Offene WLAN-Hotspots Union und SPD schaffen Störerhaftung ab

Nach einem zähen Streit haben sich Union und SPD auf ein neues WLAN-Gesetz geeinigt: Die allseits ungeliebte Störerhaftung fällt nach SPIEGEL-ONLINE-Informationen weg - der Weg für offene Hotspots ist frei.
WLAN-Nutzer in Berlin

WLAN-Nutzer in Berlin

Foto: imago

Wer sein privates WLAN-Netz für andere Nutzer öffnet, soll künftig nicht mehr pauschal für deren Surfverhalten haften. Auf den Wegfall dieser sogenannten Störerhaftung haben sich Vertreter von Union und SPD nach Informationen von SPIEGEL ONLINE am frühen Mittwochmorgen geeinigt.

Das WLAN in Deutschland wird so ein gutes Stück freier.

Damit ist ein quälend langer Streit beendet. Über die Neuregelung des Telemediengesetzes wurde zwischen den Koalitionspartnern und den vielen beteiligten Ministerien heftig gestritten. Ein Gesetzentwurf aus dem Wirtschaftsministerium von Sigmar Gabriel (SPD) vom September war von vielen Seiten scharf kritisiert worden - unter anderem, weil darin an der Störerhaftung festgehalten wurde.

Jetzt, nach vielen Nachverhandlungen, die Einigung: Auch private und nebengewerbliche Anbieter (wie ein Café-Betreiber) sollen das sogenannte Providerprivileg der gewerblichen Anbieter genießen. Sie müssen, anders als von Gabriel geplant, ihr WLAN nun nicht mit einer Vorschaltseite oder mit einer Passwortsperre sichern.
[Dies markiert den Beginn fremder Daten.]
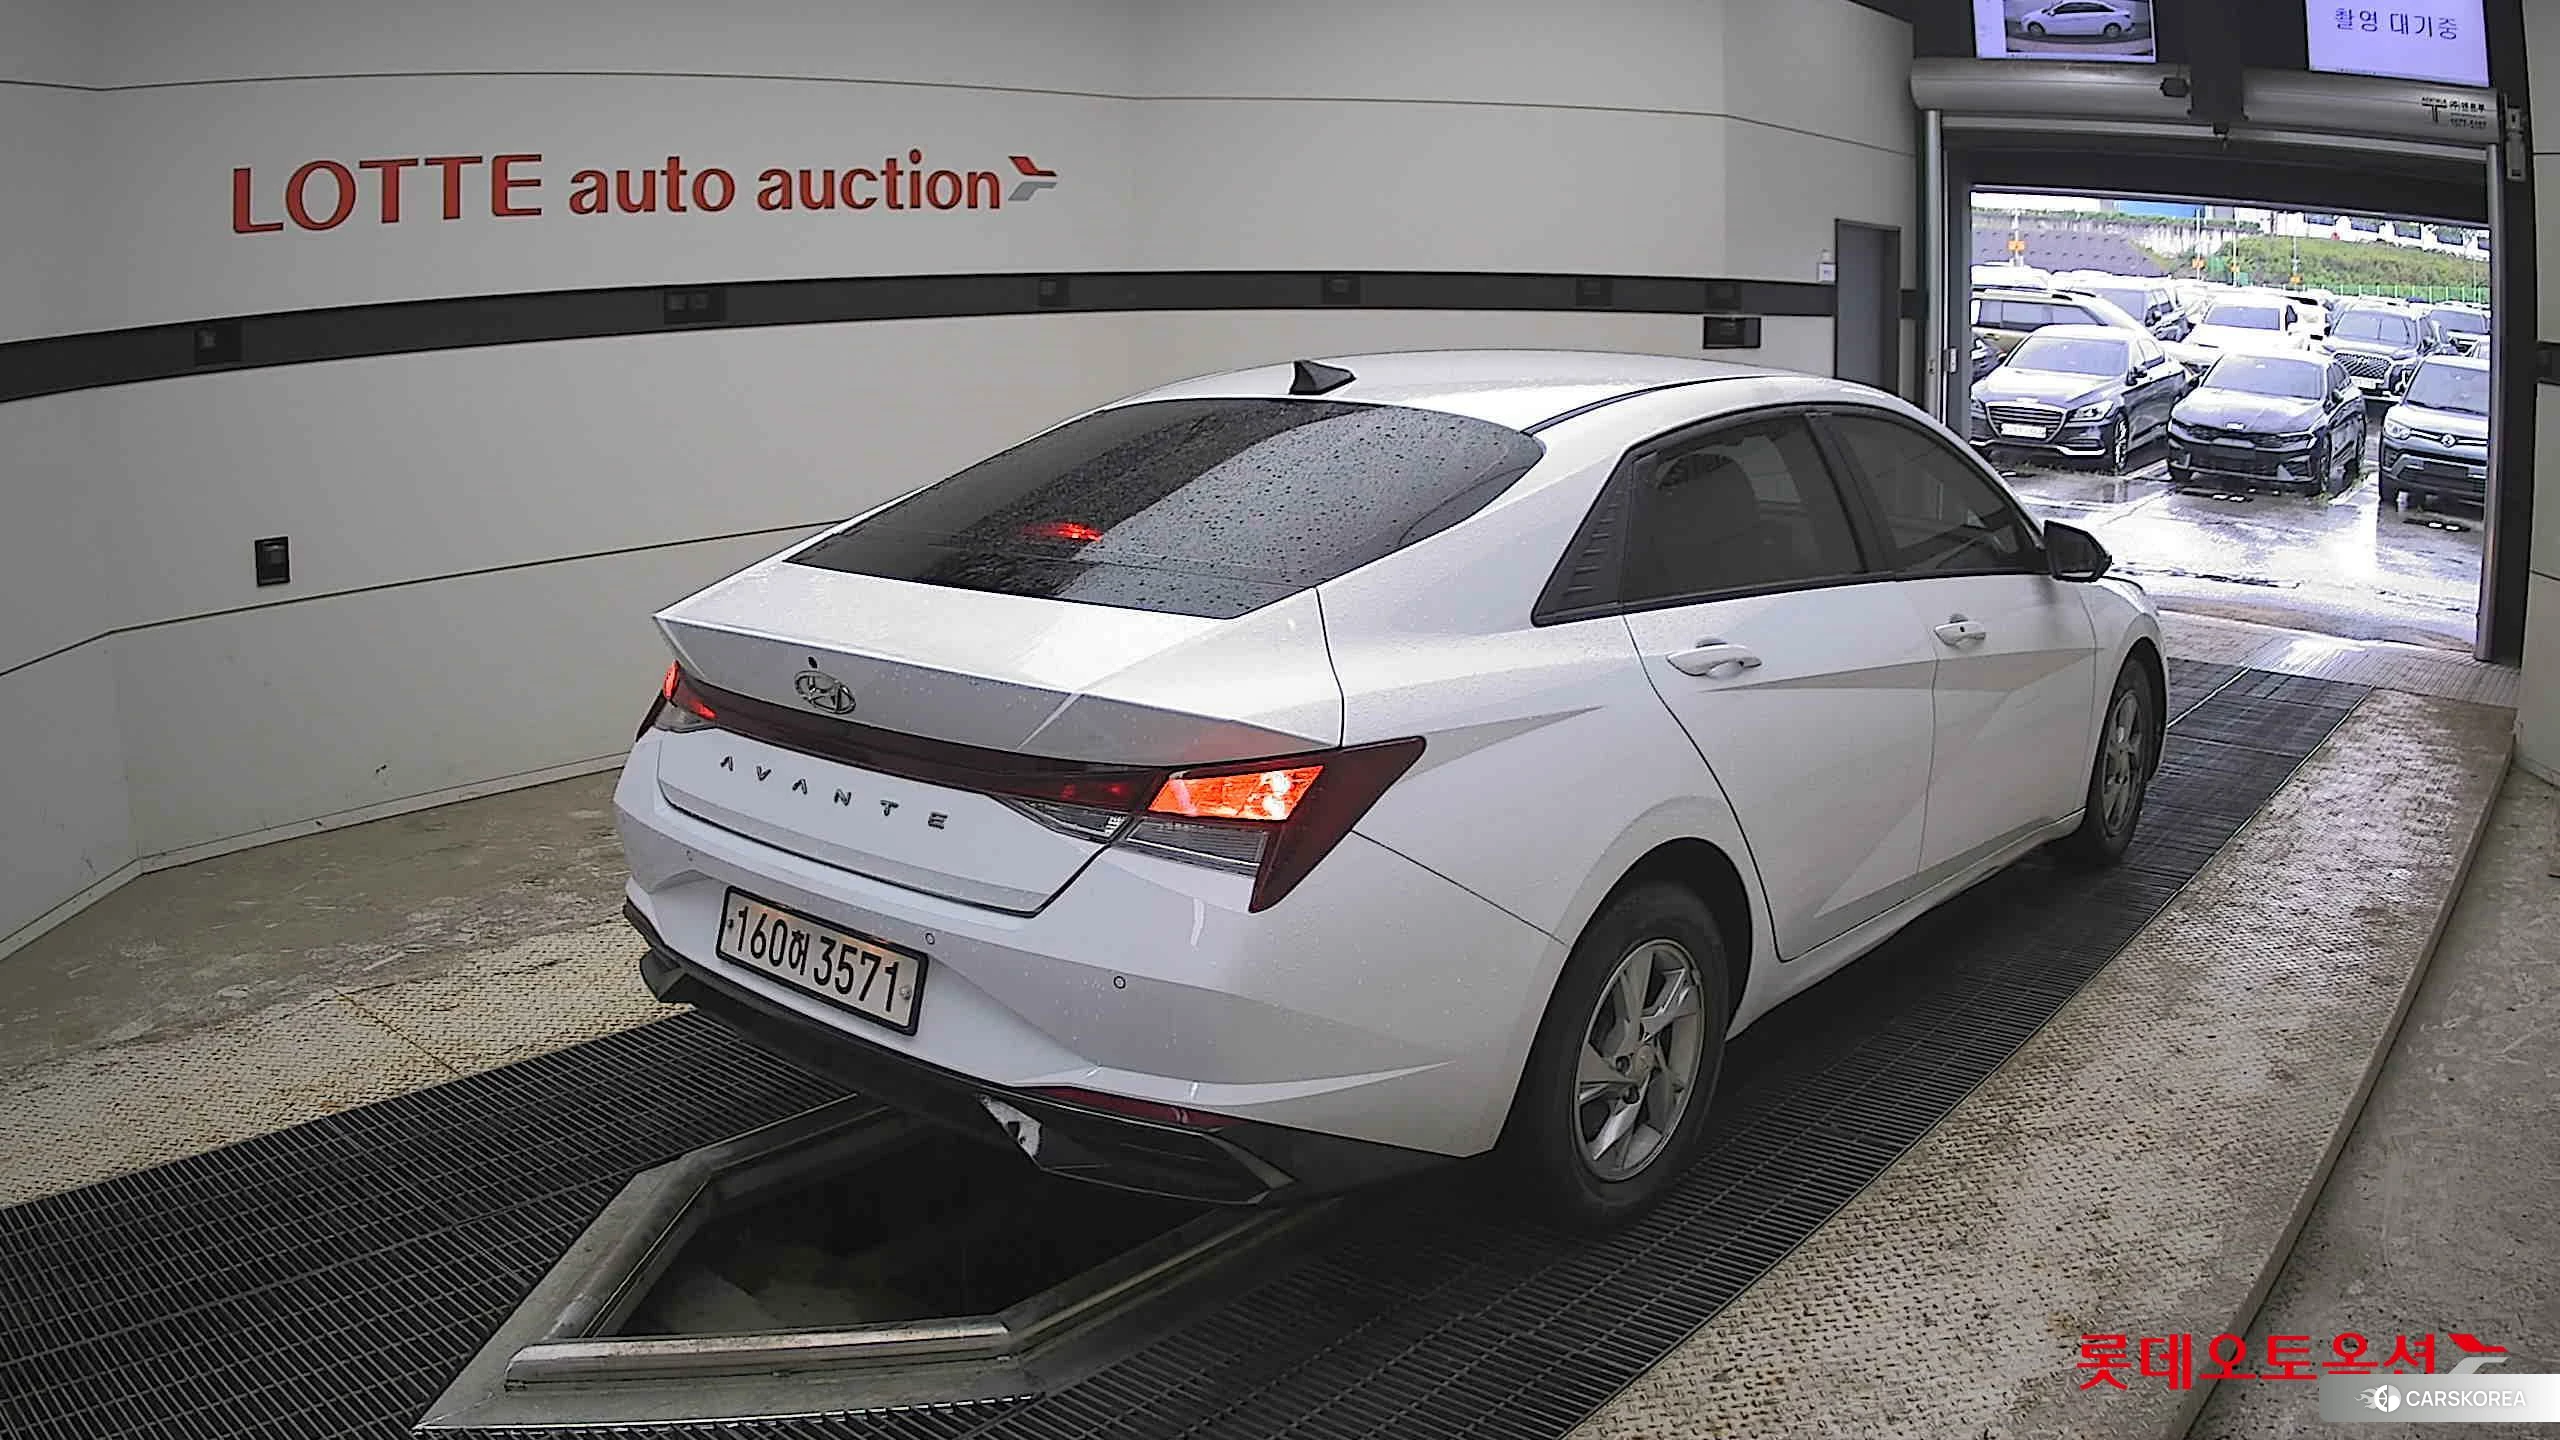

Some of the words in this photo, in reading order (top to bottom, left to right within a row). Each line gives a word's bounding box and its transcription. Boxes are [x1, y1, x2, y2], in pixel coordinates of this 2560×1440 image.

[233, 154, 543, 234] LOTTE
[569, 156, 736, 213] auto
[757, 149, 1002, 209] auction
[720, 756, 948, 829] AVANTE
Tatsächlich offene Hotspots werden damit möglich.

Schon in der nächsten Sitzungswoche sollen die Änderungsanträge im Parlament beschlossen werden. Das Gesetz könnte damit bereits ab Herbst in Kraft treten.
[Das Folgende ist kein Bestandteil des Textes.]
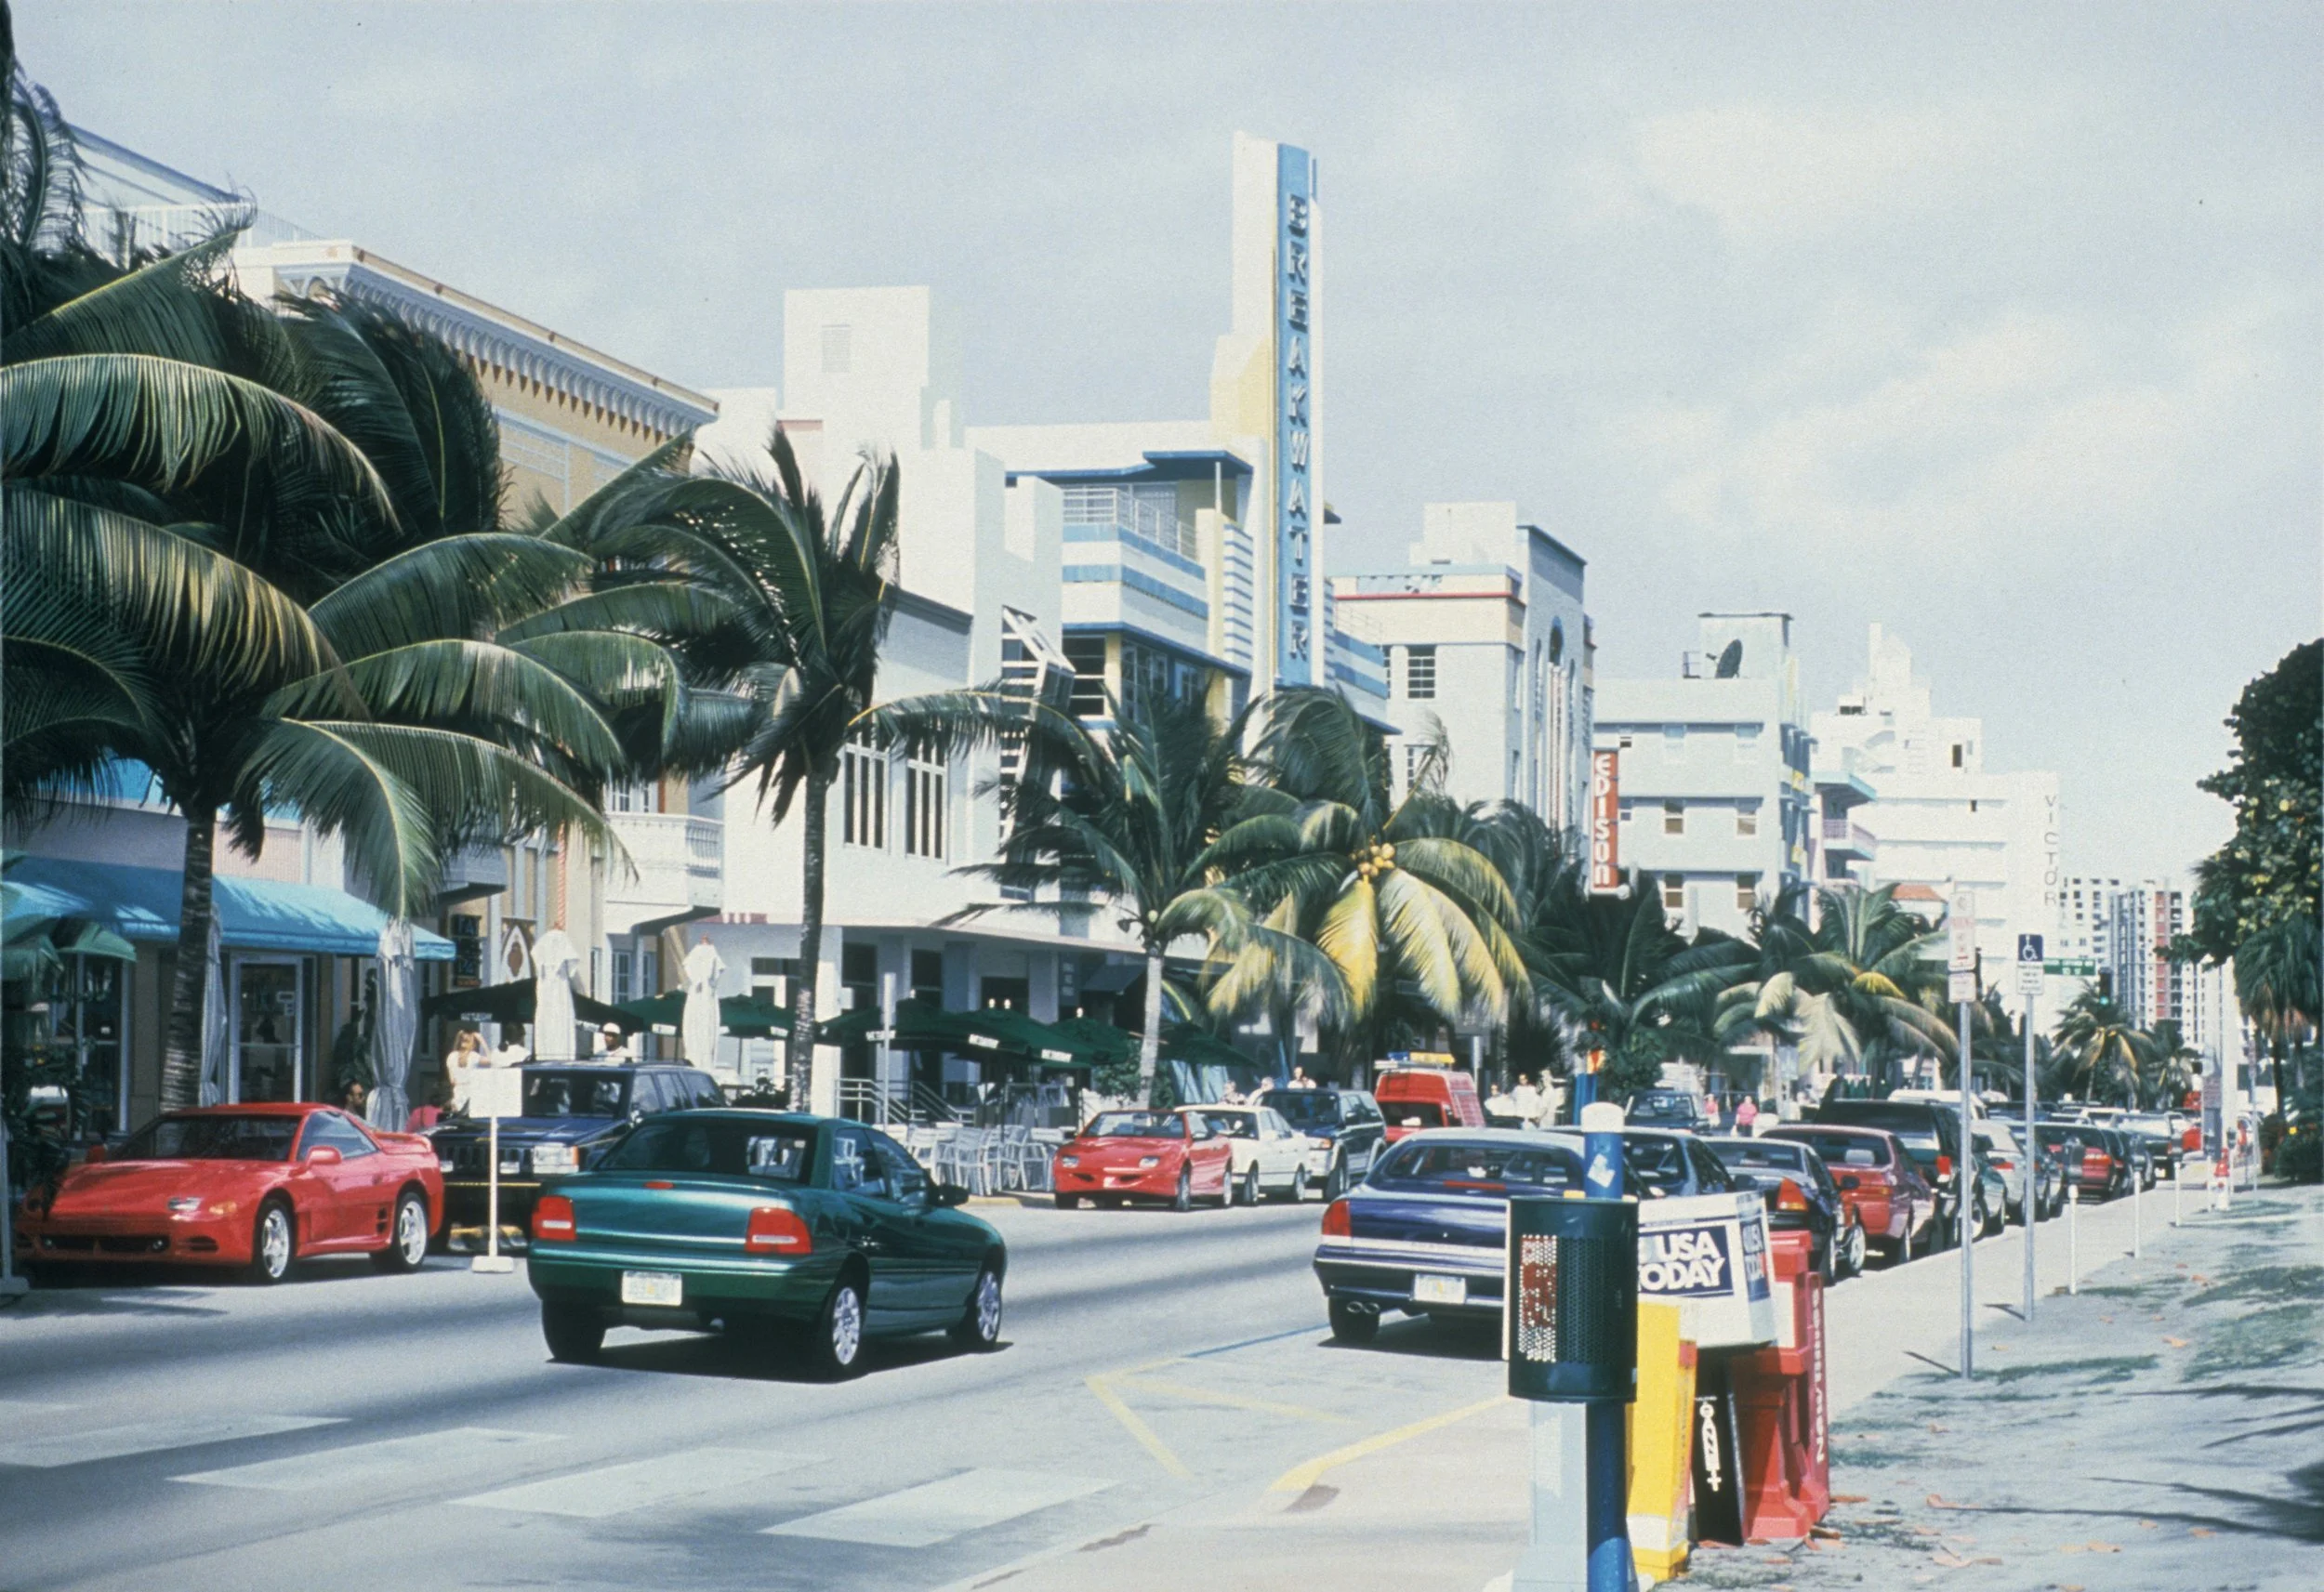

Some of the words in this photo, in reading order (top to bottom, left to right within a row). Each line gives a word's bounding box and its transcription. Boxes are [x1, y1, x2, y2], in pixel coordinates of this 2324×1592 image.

[1288, 193, 1308, 657] BREAKWATER
[2044, 795, 2059, 906] VICTOR
[1639, 1256, 1726, 1291] ODAY
[1657, 1230, 1722, 1261] USA
Unter Störerhaftung versteht man das Prinzip, dass ein Anbieter von einem WLAN-Hotspot für mögliche Vergehen seiner Nutzer unter Umständen haften muss, etwa beim illegalen Kopieren von Filmen oder Musik - so entstand die Abmahnindustrie. Die Störerhaftung gilt auch als Hauptgrund dafür, dass es in Deutschland weniger frei zugängliche WLAN-Netze gibt als in vielen anderen Ländern.
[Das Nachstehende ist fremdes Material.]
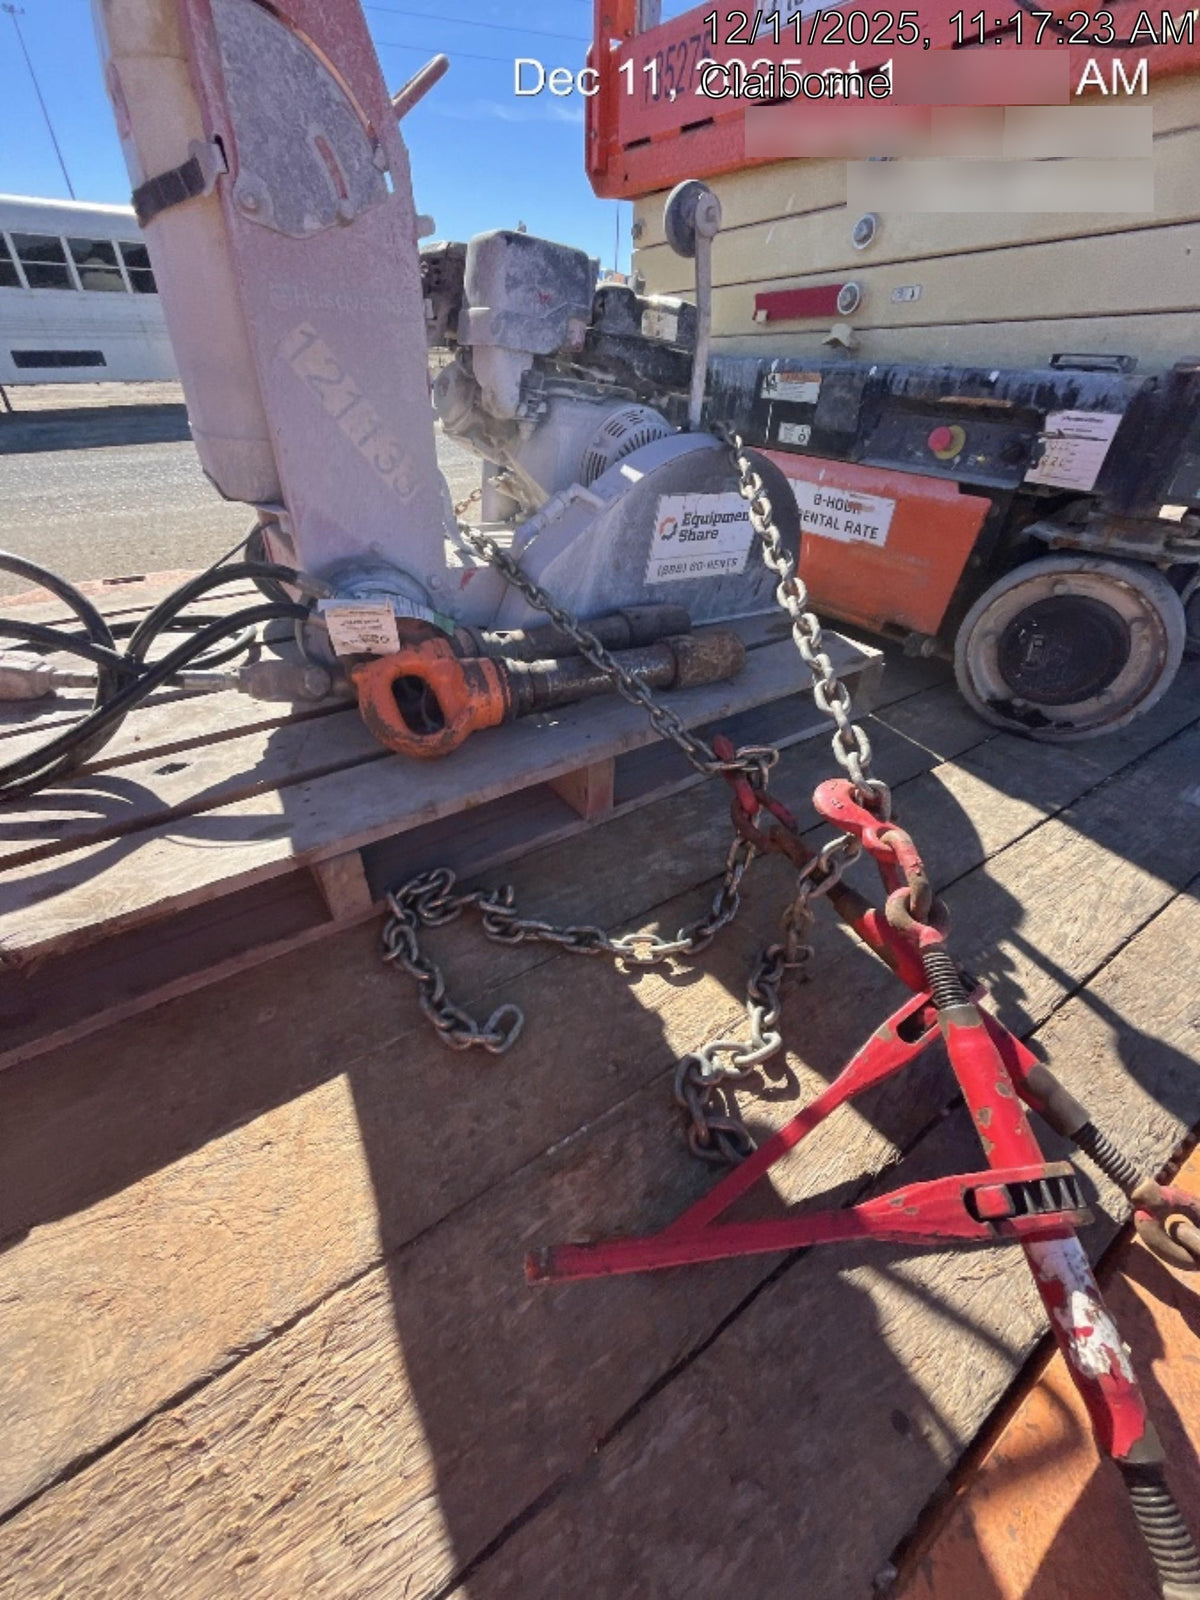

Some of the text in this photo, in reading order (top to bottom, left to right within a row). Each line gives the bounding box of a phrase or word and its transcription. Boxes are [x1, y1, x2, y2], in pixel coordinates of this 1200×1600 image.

[813, 493, 860, 515] 8-HOUR
[681, 509, 750, 528] Equipmen
[678, 528, 719, 543] Share
[844, 520, 879, 539] RATE
Die Kanzlerin mahnte zur Eile

Die Diskussionen über die Störerhaftung und andere Streitpunkte im Gesetz zogen sich so lange hin, dass kürzlich Bundeskanzlerin Angela Merkel zur Eile mahnen ließ. Neuen Druck auf die Koalition hatte im März ein Gutachten des Generalanwalts am Europäischen Gerichtshof gemacht. Zuletzt wurden die Befürworter der Störerhaftung in den Reihen der Bundesregierung, im CDU-geführten Innenministerium wie in Gabriels Wirtschaftsministerium, immer unsichtbarer.

"Durch das Gutachten hat sich die Lage geändert", sagte CDU-Netzpolitiker Thomas Jarzombek nun SPIEGEL ONLINE. "Aber jetzt haben wir einen guten Kompromiss." SPD-Netzpolitiker Lars Klingbeil sagte: "Wir werden den Regierungsentwurf noch einmal deutlich verbessern. Das ist eine große Chance für mehr freies WLAN in Deutschland."

Weitere Streitpunkte im Gesetzentwurf betreffen die Rolle von Cloud- und Sharing-Anbietern sowie die Haftung der Betreiber von Bewertungsplattformen. Diese umstrittenen Regelungen werden nun entfernt - die Bundesregierung soll weiteres Vorgehen prüfen. Erst einmal wollten die Koalitionspartner zeigen, dass sie sich bei einem zentralen Vorhaben der "Digitalen Agenda" der Bundesregierung doch noch einigen können.